Bruce Sibanda, AfricaNews reporter in Harare, Zimbabwe Photo: ROHR Zimbabwe
Prisoners locked up in Harare jails with little or no food have received a temporary reprieve after a local bakery pledged to supply bread every day for six months. This comes amid reports that since May last year more than 700 prisoners died due to starvation at the notorious Chikurubi Maximum Prison.

Zimbabwe has 42 prisons around the country housing criminals and political detainees.
Prisoners who have no relatives to bring them extra food are virtually guaranteed a slow and very painful death. Bakers Inn handed over the bread to the ZPS as part of their efforts to assist the department until the economic situation in the country stabilizes.

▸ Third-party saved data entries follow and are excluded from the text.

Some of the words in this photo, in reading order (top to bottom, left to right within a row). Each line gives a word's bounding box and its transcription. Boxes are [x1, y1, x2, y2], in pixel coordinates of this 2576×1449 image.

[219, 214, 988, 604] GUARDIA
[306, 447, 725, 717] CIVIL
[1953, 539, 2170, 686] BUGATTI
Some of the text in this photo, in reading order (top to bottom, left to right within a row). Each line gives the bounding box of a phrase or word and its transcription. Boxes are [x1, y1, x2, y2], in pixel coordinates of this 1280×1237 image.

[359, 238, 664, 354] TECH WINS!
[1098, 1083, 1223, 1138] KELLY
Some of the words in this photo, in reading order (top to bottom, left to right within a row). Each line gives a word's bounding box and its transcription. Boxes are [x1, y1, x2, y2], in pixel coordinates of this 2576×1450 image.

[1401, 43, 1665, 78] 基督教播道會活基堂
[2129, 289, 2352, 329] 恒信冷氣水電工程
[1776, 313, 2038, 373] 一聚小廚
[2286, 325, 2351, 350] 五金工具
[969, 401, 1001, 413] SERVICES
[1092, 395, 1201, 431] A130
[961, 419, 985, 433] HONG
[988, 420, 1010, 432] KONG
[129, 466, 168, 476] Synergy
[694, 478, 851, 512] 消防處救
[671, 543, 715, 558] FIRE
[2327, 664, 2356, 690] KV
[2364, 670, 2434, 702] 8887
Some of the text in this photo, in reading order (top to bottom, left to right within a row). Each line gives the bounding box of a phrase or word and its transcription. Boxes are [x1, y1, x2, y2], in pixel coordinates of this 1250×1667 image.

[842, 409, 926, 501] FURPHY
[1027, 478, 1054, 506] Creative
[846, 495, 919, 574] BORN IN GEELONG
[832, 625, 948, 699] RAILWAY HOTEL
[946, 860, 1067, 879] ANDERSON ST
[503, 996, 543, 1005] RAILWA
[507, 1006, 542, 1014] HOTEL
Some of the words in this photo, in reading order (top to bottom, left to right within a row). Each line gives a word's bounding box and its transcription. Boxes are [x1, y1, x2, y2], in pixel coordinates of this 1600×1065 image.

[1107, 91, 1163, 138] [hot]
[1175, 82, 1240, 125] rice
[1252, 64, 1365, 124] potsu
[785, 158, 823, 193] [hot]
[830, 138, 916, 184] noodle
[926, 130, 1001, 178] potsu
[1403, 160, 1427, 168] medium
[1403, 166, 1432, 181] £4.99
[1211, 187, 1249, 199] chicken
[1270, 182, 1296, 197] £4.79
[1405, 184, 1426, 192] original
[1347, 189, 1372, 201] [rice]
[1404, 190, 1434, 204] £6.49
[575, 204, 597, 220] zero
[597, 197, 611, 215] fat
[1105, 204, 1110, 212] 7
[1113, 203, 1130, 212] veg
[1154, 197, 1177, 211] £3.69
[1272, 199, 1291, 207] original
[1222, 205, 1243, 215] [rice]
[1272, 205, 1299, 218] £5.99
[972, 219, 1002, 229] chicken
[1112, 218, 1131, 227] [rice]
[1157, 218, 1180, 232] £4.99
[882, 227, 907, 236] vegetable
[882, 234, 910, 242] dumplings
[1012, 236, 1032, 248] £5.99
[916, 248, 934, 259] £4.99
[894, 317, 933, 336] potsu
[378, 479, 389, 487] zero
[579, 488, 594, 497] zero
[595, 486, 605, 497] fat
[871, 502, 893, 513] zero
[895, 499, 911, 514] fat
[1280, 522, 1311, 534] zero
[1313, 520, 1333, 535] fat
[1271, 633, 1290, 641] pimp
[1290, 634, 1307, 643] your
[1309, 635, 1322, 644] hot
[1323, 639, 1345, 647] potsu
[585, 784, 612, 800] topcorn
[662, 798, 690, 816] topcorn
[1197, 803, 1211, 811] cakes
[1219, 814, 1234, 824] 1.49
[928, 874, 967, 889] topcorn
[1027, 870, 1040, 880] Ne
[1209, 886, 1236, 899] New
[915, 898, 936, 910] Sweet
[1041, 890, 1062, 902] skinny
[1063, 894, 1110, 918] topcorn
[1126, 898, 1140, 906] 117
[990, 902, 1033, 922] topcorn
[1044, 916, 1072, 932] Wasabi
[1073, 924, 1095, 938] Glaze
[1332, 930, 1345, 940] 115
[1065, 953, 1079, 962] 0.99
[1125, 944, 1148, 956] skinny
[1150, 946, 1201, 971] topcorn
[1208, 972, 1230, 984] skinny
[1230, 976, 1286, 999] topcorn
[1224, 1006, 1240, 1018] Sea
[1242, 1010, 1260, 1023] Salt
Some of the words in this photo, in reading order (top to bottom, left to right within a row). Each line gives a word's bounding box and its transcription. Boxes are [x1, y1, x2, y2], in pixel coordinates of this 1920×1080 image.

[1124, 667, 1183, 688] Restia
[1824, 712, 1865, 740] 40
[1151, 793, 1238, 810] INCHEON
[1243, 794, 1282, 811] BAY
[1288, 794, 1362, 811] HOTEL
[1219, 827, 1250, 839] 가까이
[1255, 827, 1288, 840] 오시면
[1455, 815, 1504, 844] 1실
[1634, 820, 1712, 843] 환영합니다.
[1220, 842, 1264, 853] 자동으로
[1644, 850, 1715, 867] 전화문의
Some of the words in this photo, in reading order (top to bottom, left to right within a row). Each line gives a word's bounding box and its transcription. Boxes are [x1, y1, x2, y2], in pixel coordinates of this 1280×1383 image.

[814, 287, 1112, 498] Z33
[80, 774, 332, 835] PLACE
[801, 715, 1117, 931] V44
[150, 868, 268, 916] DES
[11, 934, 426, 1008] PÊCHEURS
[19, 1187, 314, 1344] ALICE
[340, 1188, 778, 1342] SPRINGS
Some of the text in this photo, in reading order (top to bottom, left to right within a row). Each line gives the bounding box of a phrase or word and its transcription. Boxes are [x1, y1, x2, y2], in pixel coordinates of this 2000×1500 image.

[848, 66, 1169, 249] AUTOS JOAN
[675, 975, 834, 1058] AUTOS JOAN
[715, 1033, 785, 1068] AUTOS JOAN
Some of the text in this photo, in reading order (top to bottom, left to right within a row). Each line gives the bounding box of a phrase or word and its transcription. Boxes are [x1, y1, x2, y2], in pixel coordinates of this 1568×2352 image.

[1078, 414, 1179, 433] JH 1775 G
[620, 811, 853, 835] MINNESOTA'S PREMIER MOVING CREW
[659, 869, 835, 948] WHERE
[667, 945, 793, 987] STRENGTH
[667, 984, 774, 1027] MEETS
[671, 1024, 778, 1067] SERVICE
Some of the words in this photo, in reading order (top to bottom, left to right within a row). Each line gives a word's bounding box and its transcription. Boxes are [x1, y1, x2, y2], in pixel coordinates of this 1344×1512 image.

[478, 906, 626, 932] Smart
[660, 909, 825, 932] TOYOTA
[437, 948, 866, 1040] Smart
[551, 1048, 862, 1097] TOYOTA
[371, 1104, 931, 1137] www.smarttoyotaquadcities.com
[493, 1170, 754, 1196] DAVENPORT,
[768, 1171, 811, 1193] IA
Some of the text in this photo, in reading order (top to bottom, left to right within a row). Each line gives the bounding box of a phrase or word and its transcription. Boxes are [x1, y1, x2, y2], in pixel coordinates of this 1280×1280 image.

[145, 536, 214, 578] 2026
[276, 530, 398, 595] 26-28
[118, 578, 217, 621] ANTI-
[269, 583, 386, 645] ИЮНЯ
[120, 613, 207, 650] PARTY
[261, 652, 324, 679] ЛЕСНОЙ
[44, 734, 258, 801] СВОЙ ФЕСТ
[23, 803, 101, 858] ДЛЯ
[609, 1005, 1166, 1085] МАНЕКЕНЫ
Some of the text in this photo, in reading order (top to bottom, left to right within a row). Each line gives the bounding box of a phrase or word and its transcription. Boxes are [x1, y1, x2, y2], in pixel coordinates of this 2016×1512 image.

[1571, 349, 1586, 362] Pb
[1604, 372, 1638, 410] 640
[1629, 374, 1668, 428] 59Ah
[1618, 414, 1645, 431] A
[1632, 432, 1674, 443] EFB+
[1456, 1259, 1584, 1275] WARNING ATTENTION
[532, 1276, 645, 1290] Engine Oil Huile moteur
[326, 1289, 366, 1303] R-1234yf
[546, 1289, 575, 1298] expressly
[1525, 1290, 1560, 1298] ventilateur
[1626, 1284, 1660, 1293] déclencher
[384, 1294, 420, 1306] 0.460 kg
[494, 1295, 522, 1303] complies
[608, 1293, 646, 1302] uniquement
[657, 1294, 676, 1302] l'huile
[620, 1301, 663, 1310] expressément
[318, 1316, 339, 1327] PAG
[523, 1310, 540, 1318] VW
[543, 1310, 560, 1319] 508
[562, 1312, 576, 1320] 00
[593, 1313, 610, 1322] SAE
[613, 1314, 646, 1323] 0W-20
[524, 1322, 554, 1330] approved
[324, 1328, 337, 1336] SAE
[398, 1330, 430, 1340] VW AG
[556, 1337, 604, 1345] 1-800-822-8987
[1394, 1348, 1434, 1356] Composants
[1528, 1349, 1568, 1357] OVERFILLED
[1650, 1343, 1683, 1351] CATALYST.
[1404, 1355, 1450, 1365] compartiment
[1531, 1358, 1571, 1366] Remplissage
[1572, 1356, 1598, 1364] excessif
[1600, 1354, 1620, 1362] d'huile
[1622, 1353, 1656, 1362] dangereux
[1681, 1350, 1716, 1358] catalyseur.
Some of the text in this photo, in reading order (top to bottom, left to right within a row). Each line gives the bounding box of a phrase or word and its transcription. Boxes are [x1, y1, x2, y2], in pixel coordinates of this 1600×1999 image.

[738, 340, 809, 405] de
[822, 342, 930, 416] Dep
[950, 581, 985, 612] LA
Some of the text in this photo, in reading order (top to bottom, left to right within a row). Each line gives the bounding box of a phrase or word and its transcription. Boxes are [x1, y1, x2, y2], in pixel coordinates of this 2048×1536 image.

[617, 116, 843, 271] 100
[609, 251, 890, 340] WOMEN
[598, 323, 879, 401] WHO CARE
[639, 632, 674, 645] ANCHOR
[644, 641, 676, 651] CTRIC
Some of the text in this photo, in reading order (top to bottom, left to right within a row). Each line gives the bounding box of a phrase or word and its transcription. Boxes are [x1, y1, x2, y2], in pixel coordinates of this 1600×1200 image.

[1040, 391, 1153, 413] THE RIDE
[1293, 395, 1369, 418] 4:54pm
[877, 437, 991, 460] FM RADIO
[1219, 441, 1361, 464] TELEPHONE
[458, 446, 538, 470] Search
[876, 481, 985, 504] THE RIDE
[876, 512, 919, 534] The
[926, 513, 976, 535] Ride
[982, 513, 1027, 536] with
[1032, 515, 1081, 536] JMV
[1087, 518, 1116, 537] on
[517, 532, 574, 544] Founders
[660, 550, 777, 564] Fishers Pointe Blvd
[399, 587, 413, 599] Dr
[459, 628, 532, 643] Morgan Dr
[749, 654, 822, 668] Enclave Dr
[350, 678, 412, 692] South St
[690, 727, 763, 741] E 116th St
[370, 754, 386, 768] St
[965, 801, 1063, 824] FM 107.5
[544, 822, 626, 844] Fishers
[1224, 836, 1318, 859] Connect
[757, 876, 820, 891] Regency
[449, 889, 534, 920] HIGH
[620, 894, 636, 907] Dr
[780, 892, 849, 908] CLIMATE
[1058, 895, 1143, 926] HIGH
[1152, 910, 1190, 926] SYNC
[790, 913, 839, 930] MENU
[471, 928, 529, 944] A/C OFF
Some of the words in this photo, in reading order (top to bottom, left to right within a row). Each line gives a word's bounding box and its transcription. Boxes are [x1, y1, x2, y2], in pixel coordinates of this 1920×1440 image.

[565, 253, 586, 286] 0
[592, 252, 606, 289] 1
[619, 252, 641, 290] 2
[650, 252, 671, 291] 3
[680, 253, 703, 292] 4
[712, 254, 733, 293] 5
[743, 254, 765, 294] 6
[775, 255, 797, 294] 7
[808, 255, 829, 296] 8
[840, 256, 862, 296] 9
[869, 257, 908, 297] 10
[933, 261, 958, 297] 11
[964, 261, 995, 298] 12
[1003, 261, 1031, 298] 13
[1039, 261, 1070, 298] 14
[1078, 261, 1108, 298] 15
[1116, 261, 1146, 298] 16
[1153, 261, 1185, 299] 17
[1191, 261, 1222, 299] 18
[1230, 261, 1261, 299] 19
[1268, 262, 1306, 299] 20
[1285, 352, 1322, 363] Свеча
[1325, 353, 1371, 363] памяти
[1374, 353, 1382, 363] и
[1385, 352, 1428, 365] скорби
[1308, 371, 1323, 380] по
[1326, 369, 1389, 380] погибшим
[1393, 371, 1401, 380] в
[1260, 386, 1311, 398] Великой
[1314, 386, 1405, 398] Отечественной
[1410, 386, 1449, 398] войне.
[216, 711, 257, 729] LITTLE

Harare Central Remand Prison, Harare Central Prison, Chikurubi Maximum Security, Chikurubi Farm Prison and Chikurubi Female Prison are the targeted beneficiaries. Local prisoners’ rights group, the Zimbabwe Association for Crime Prevention and Rehabilitation of the Offender, said at least two inmates die everyday from hunger and disease at Chikurubi Prison.
Chikurubi Maximum Security Prison has the highest population among the country's correctional institutions. The donation comes at a time the ZPS is battling to improve the living conditions at its prison complexes.
It has issued out appeals for donations of medication and blankets for inmates as the winter season sets in.
Commissioner of Prisons, retired Major-General Paradzai Zimondi is urging well-wishers to chip in with donations instead of waiting for central government and foreign donors to assist. "We must not depend on outside donors only but local stakeholders must also help because the inmates belong to everyone in the community," he said.
In March, the South African Broadcasting Corporation (SABC) Special Assignment programme captured the extent of the collapse of the country’s prison system. The programme showed inmates who looked like living skeletons, suffering from severe malnutrition-related conditions, tuberculosis and HIV/Aids.
The Minister of Justice, Patrick Chinamasa claimed then that the SABC footage was from other countries, but recently he appealed to donors to come to the rescue as prisoners were facing starvation.
Critics say the situation in the country’s jails started to deteriorate following the appointment of retired Major General Zimondi as the head of the Zimbabwe Prison Services (ZPS). Zimondi, a staunch supporter of President Robert Mugabe, was appointed in 1999.